自建库进行GO富集分析

library(clusterProfiler)
library(dplyr)
library(stringr)
options(stringsAsFactors = F)
##===============================STEP1:GO注释生成=======================
#自己构建的话,首先需要读入文件
egg <- read.delim("galili.eggnog.annotation",header = T,sep="\t")
egg[egg==""]<-NA  #将空行变成NA,方便下面的去除
#从文件中挑出基因query与eggnog注释信息
##gene_info <- egg %>% 
##  dplyr::select(GID = query, GENENAME = eggNOG_OGs) %>% na.omit()
#挑出query_name与GO注释信息
gterms <- egg %>%
  dplyr::select(query, GOs) %>% na.omit()
gene_ids <- egg$query
eggnog_lines_with_go <- egg$GOs!= ""
eggnog_lines_with_go
eggnog_annoations_go <- str_split(egg[eggnog_lines_with_go,]$GOs, ",")
gene2go <- data.frame(gene = rep(gene_ids[eggnog_lines_with_go],
                                 times = sapply(eggnog_annoations_go, length)),
                      term = unlist(eggnog_annoations_go))
names(gene2go) <- c('gene_id', 'ID')
go2name <- read.delim('GO.library', header = FALSE, stringsAsFactors = FALSE)
names(go2name) <- c('ID', 'Description', 'Ontology')

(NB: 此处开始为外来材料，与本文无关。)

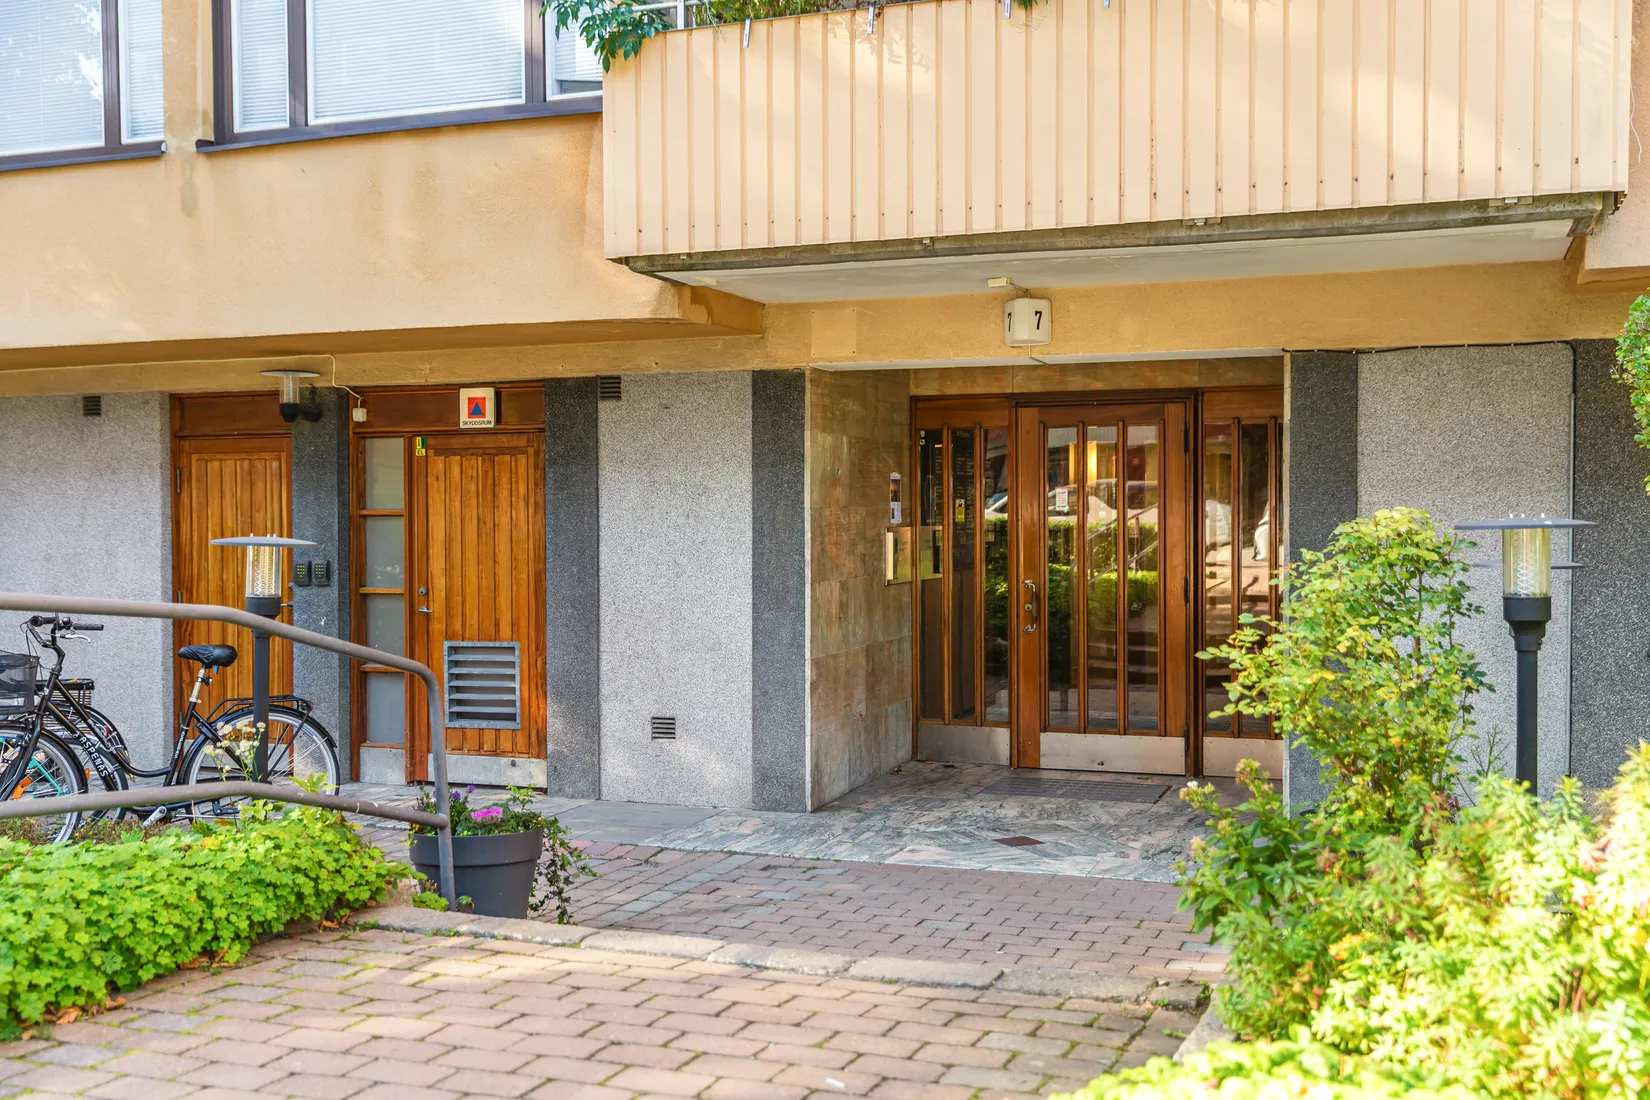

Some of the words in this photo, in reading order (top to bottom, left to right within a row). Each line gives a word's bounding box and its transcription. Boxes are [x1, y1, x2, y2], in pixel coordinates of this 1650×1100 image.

[1007, 312, 1012, 332] 7
[1034, 310, 1043, 330] 7
[462, 419, 492, 427] SKYDDSRUM
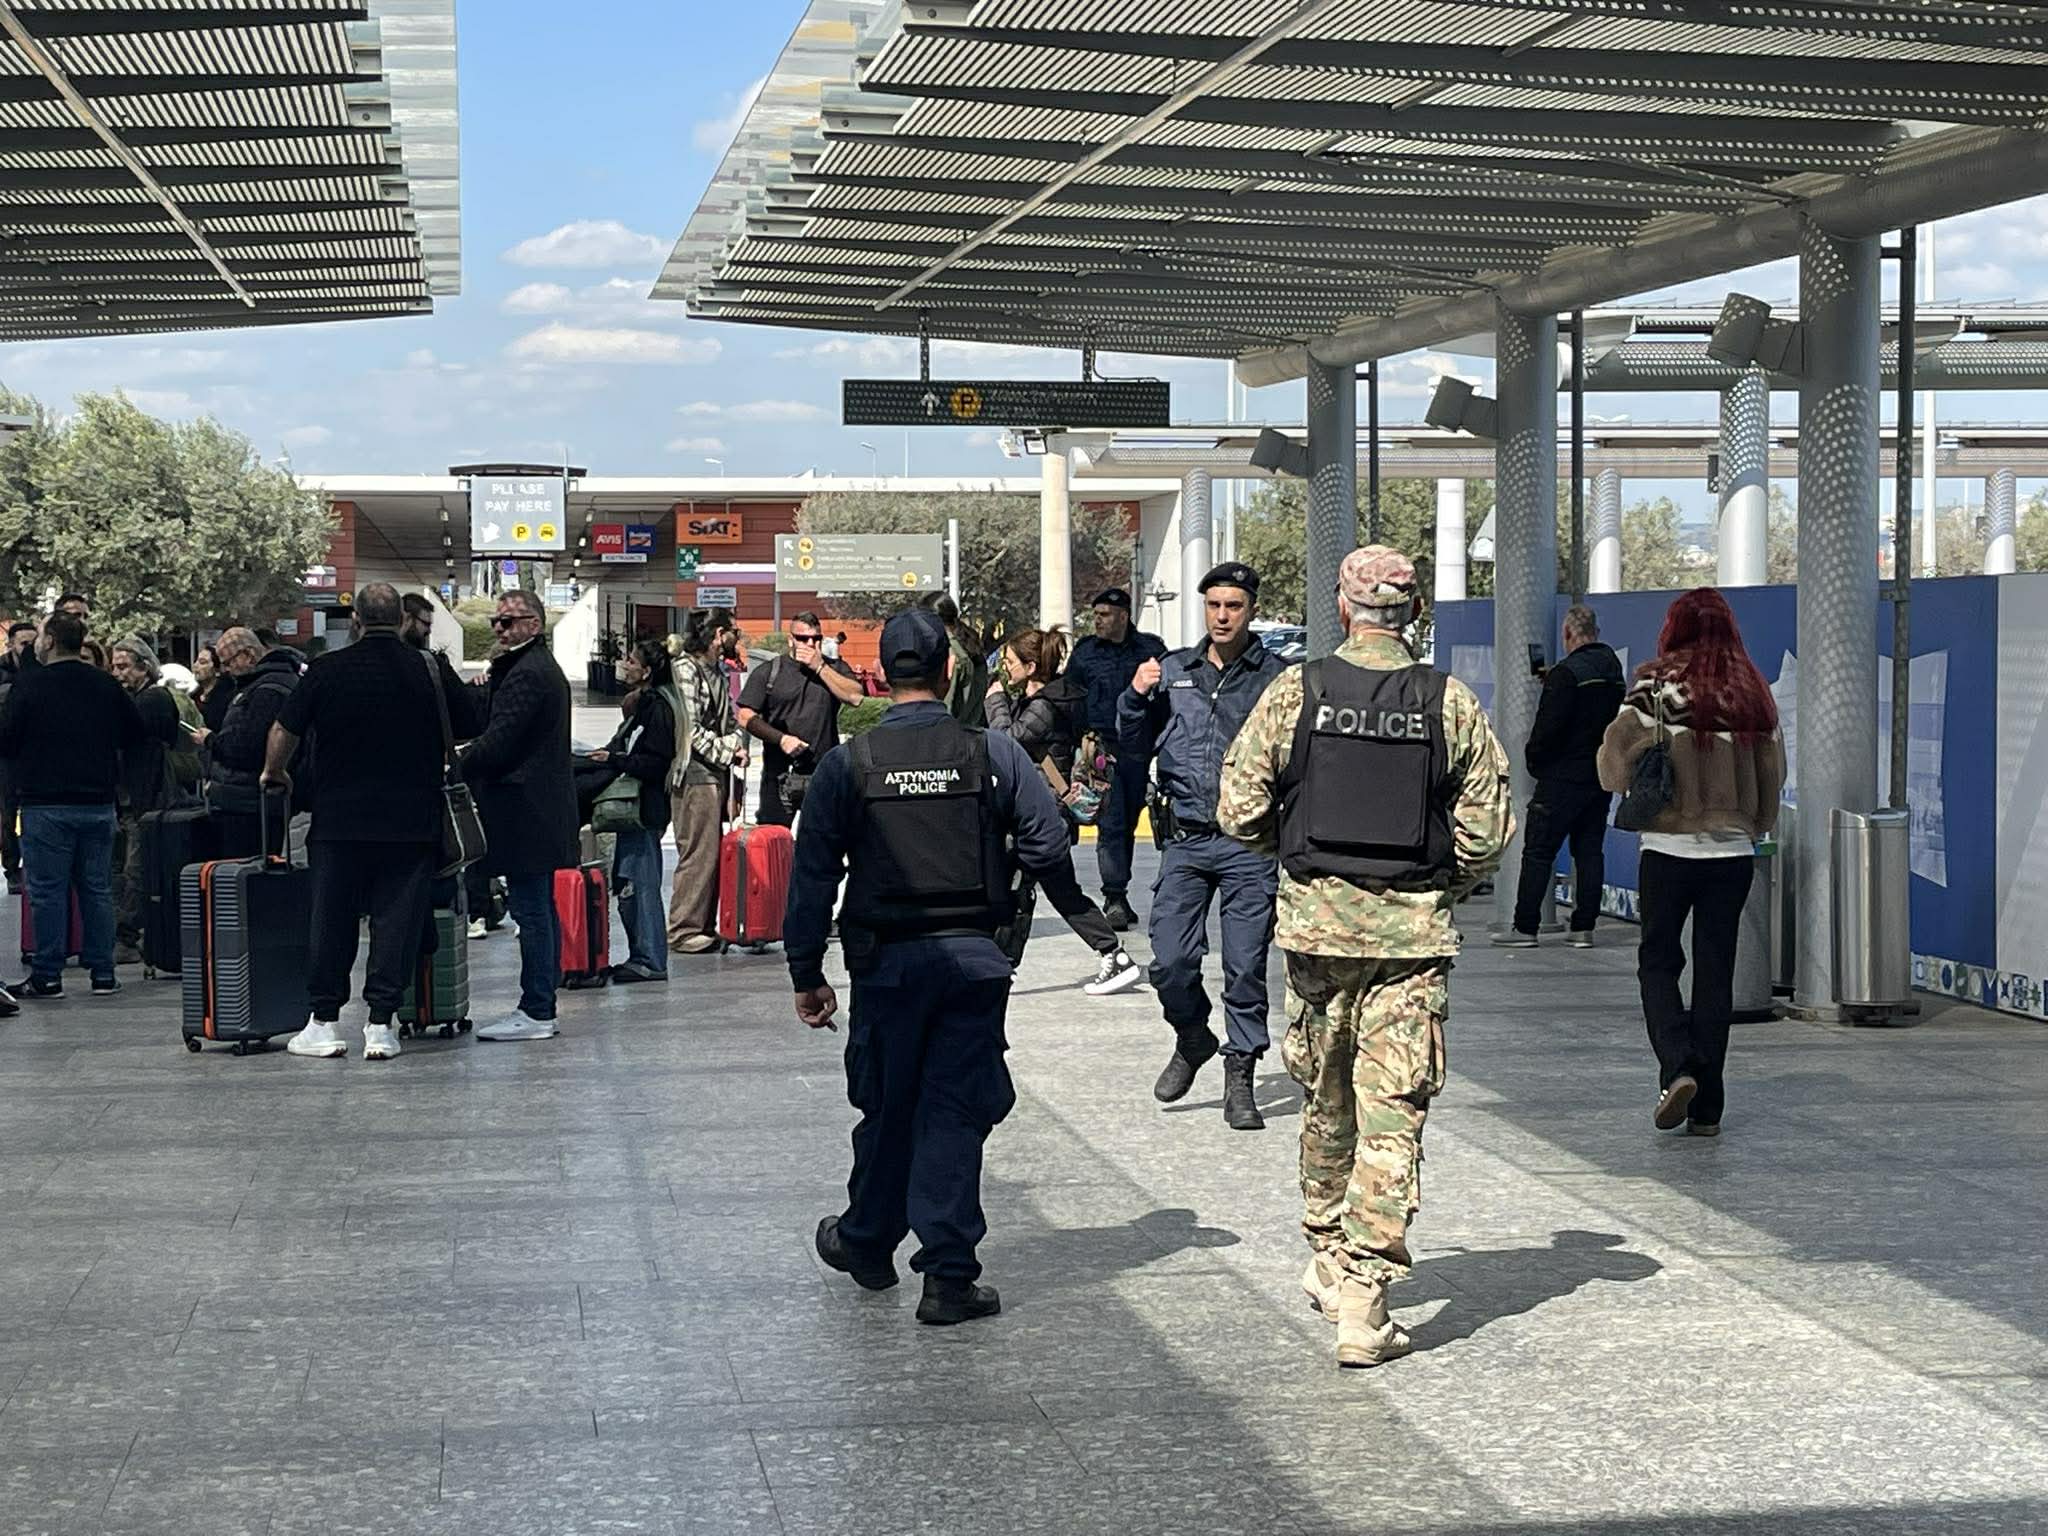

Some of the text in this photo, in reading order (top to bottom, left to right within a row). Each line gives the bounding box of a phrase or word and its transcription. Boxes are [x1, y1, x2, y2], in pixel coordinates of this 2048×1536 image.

[485, 500, 553, 512] PAY HERE
[516, 526, 527, 538] P
[596, 534, 622, 545] AVIS
[1316, 705, 1425, 739] POLICE
[884, 768, 961, 785] ΑΣΤΥΝΟΜΙΑ
[899, 782, 947, 796] POLICE

go_anno <- merge(gene2go, go2name, by = 'ID', all.x = TRUE)

## 将GO注释信息保存
save(go_anno,file = "spalax2Rabbit.NoJac.InputGene_GO.rda")

##===============================STEP3:GO富集分析=================
#目标基因列表(全部基因)
gene_select <- read.delim(file = 'gene.name.txt', stringsAsFactors = FALSE,header = F)$V1
#GO 富集分析
#默认以所有注释到 GO 的基因为背景集,也可通过 universe 参数输入背景集
#默认以 p<0.05 为标准,Benjamini 方法校正 p 值,q 值阈值 0.2
#默认输出 top500 富集结果
#如果想输出所有富集结果(不考虑 p 值阈值等),将 p、q 等值设置为 1 即可
#或者直接在 enrichResult 类对象中直接提取需要的结果
go_rich <- enricher(gene = gene_select,
                    TERM2GENE = go_anno[c('ID', 'gene_id')], 
                    TERM2NAME = go_anno[c('ID', 'Description')], 
                    pvalueCutoff = 0.5, 
                    pAdjustMethod = 'BH', 
                    qvalueCutoff = 1
)
#输出默认结果,即根据上述 p 值等阈值筛选后的

write.csv(go_rich, "dqj.sv.GO.v1.csv")

tmp <- merge(go_rich, go2name[c('ID', 'Ontology')], by = 'ID')
tmp <- tmp[c(10, 1:9)]
tmp <- tmp[order(tmp$pvalue), ]
write.table(tmp, 'dqj.sv.GO.v2.csv', sep = ',', row.names = FALSE, quote = FALSE)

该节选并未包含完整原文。